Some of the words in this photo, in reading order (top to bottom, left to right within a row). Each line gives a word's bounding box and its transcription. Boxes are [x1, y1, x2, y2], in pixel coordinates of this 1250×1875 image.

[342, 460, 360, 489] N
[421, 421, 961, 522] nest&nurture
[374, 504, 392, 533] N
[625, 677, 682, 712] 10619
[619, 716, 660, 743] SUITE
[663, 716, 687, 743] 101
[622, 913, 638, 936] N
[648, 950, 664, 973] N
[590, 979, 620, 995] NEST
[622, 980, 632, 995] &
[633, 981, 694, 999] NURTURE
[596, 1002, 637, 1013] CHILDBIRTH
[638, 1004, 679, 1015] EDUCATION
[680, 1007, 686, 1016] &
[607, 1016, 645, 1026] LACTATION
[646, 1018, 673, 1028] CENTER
========================================
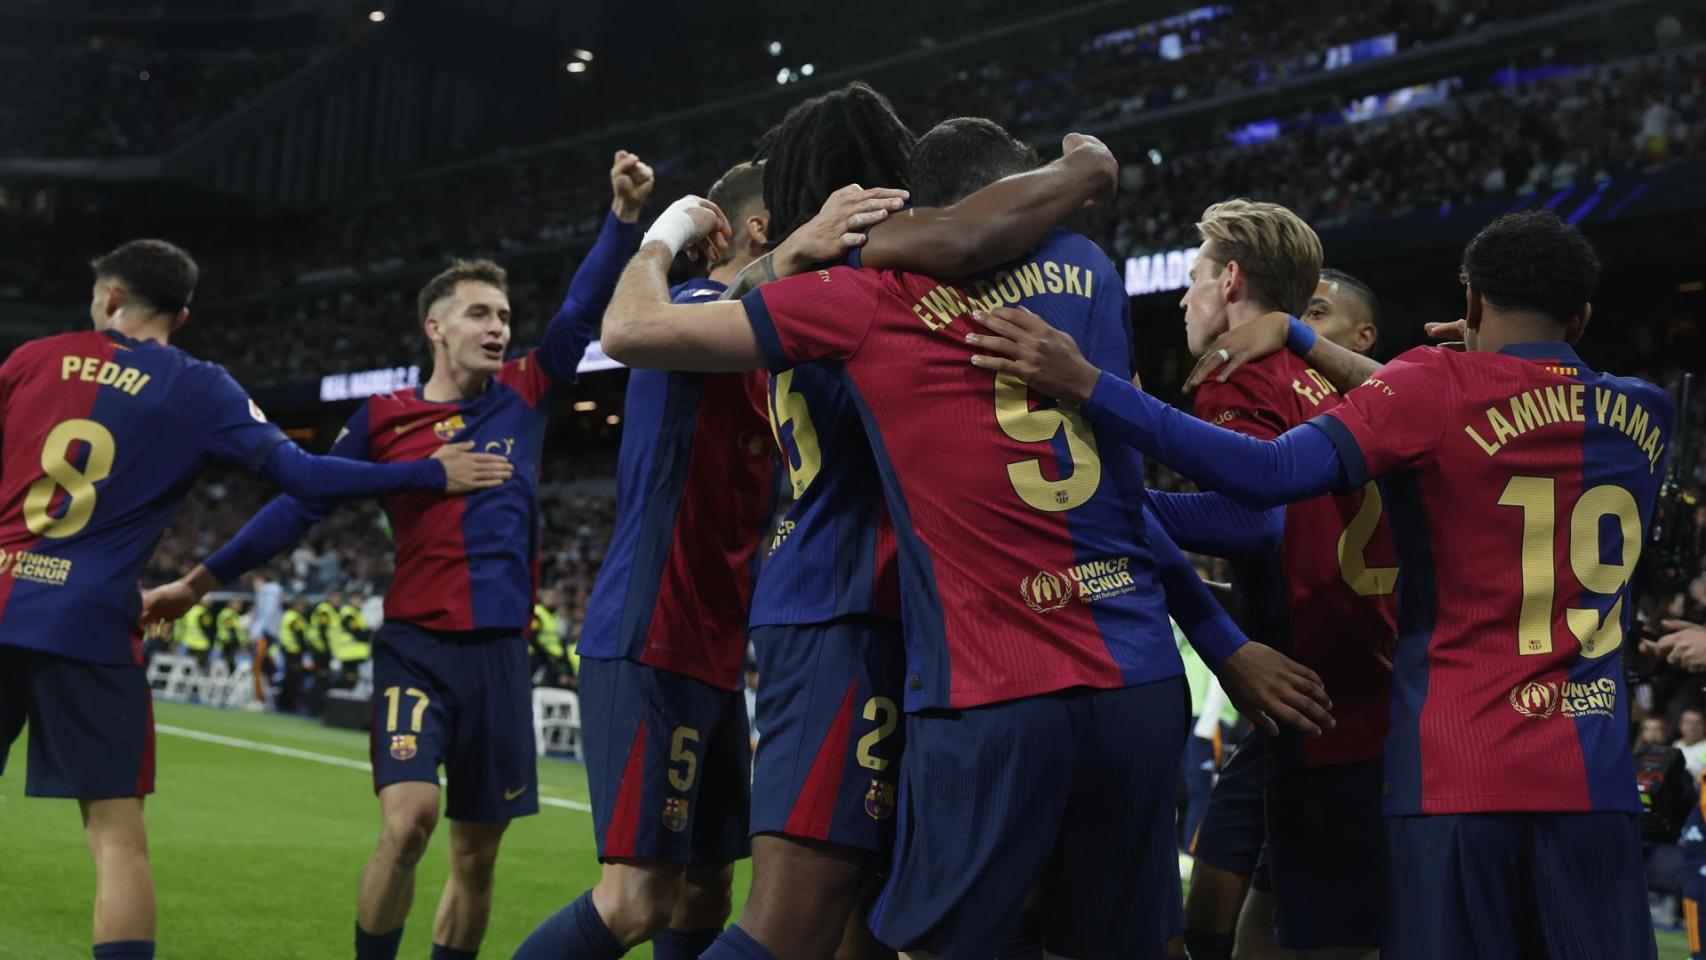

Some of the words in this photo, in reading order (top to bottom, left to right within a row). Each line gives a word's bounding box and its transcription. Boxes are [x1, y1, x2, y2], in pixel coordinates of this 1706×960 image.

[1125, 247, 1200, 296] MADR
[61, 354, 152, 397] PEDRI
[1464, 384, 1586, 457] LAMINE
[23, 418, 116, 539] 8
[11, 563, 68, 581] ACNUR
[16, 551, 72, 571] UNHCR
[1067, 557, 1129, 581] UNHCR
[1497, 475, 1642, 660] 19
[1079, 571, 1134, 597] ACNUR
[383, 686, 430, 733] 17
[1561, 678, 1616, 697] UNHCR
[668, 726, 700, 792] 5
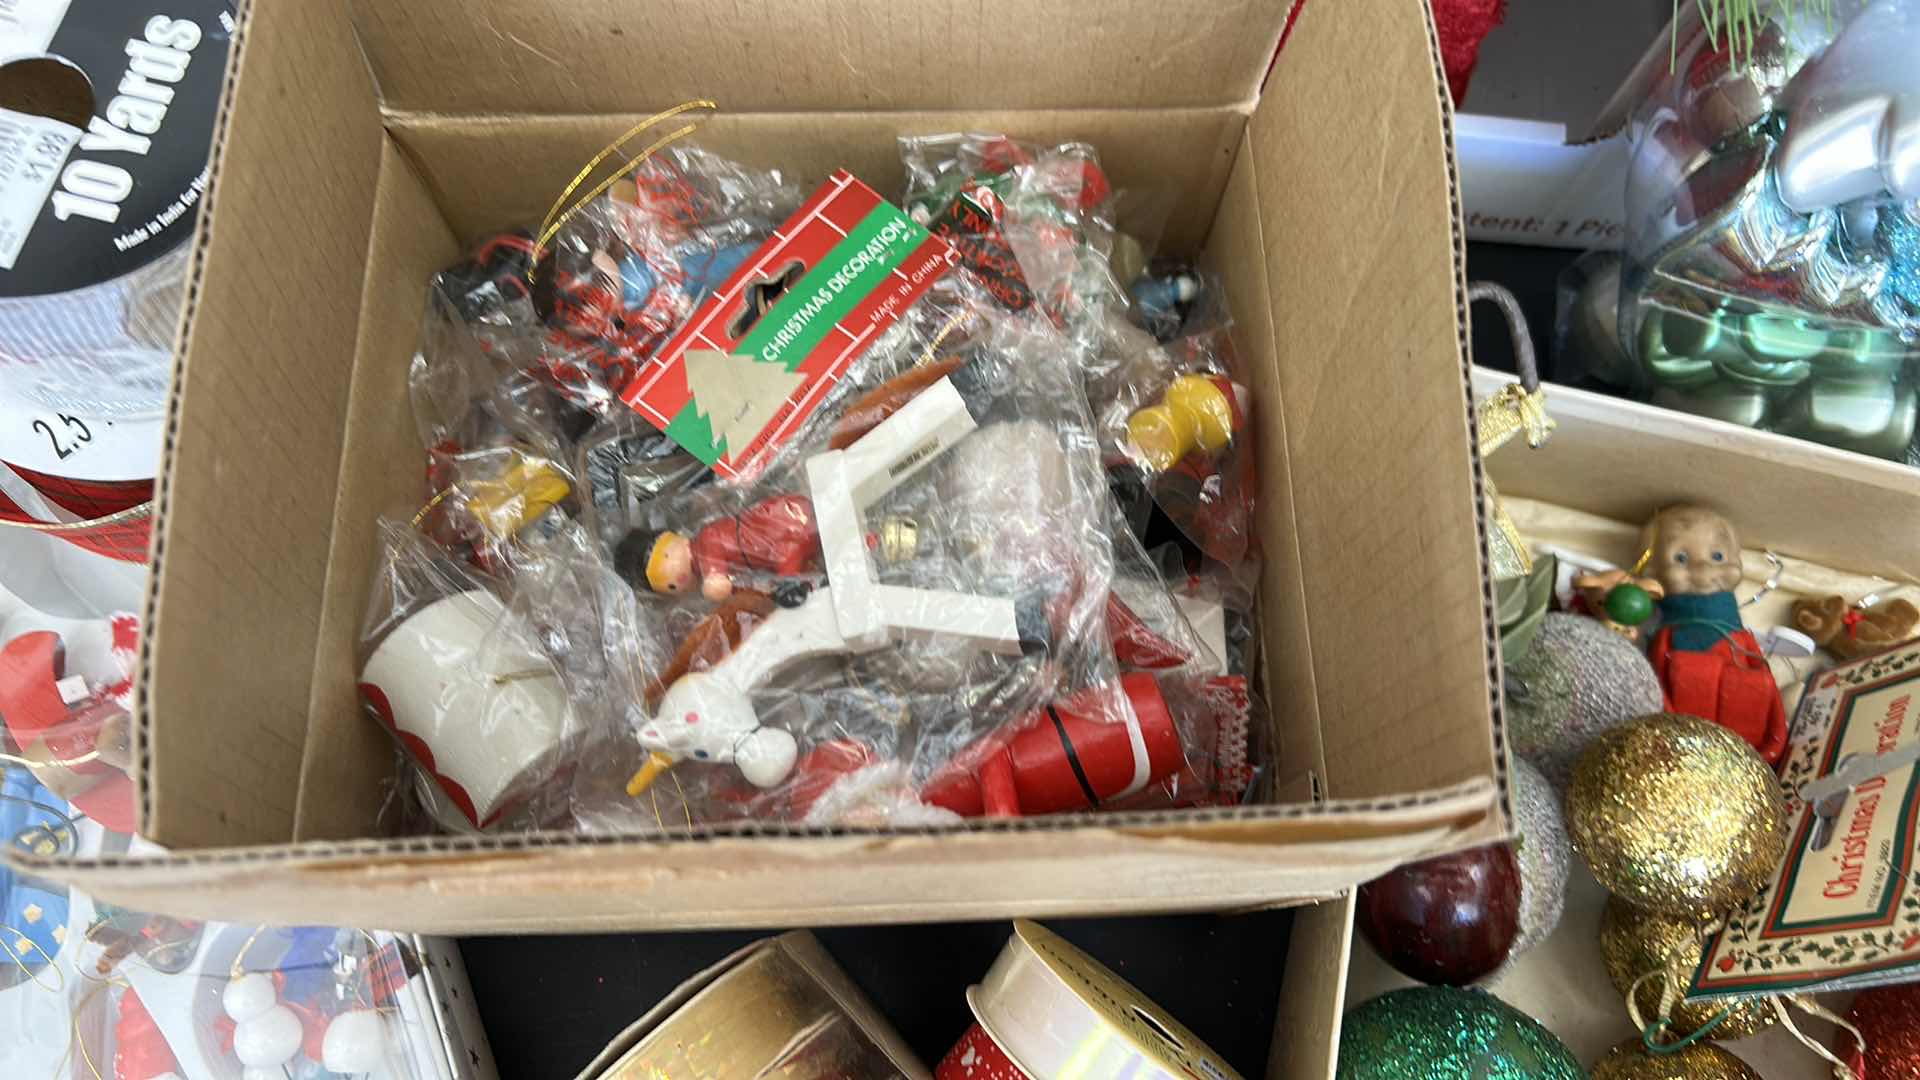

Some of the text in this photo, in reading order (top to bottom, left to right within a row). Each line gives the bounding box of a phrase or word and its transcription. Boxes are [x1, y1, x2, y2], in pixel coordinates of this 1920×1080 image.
========================================
__WHAT IS EXPECTED__
What you return must match the lines above from the one with "this 1706×960 image." through the one with "Some of the text" exactly, with both ends included and the pictures excluded.

__EXPECTED ANSWER__
Some of the words in this photo, in reading order (top to bottom, left to right within a row). Each line gives a word's bounding box and its transcription. Boxes are [x1, y1, x2, y2], in pixel coordinates of this 1706×960 image.

[1125, 247, 1200, 296] MADR
[61, 354, 152, 397] PEDRI
[1464, 384, 1586, 457] LAMINE
[23, 418, 116, 539] 8
[11, 563, 68, 581] ACNUR
[16, 551, 72, 571] UNHCR
[1067, 557, 1129, 581] UNHCR
[1497, 475, 1642, 660] 19
[1079, 571, 1134, 597] ACNUR
[383, 686, 430, 733] 17
[1561, 678, 1616, 697] UNHCR
[668, 726, 700, 792] 5

Some of the text in this photo, in reading order (top to bottom, left to right within a row). Each line gives the bounding box of a phrase or word and its transcription. Boxes are [x1, y1, x2, y2], in pixel coordinates of this 1920×1080 image.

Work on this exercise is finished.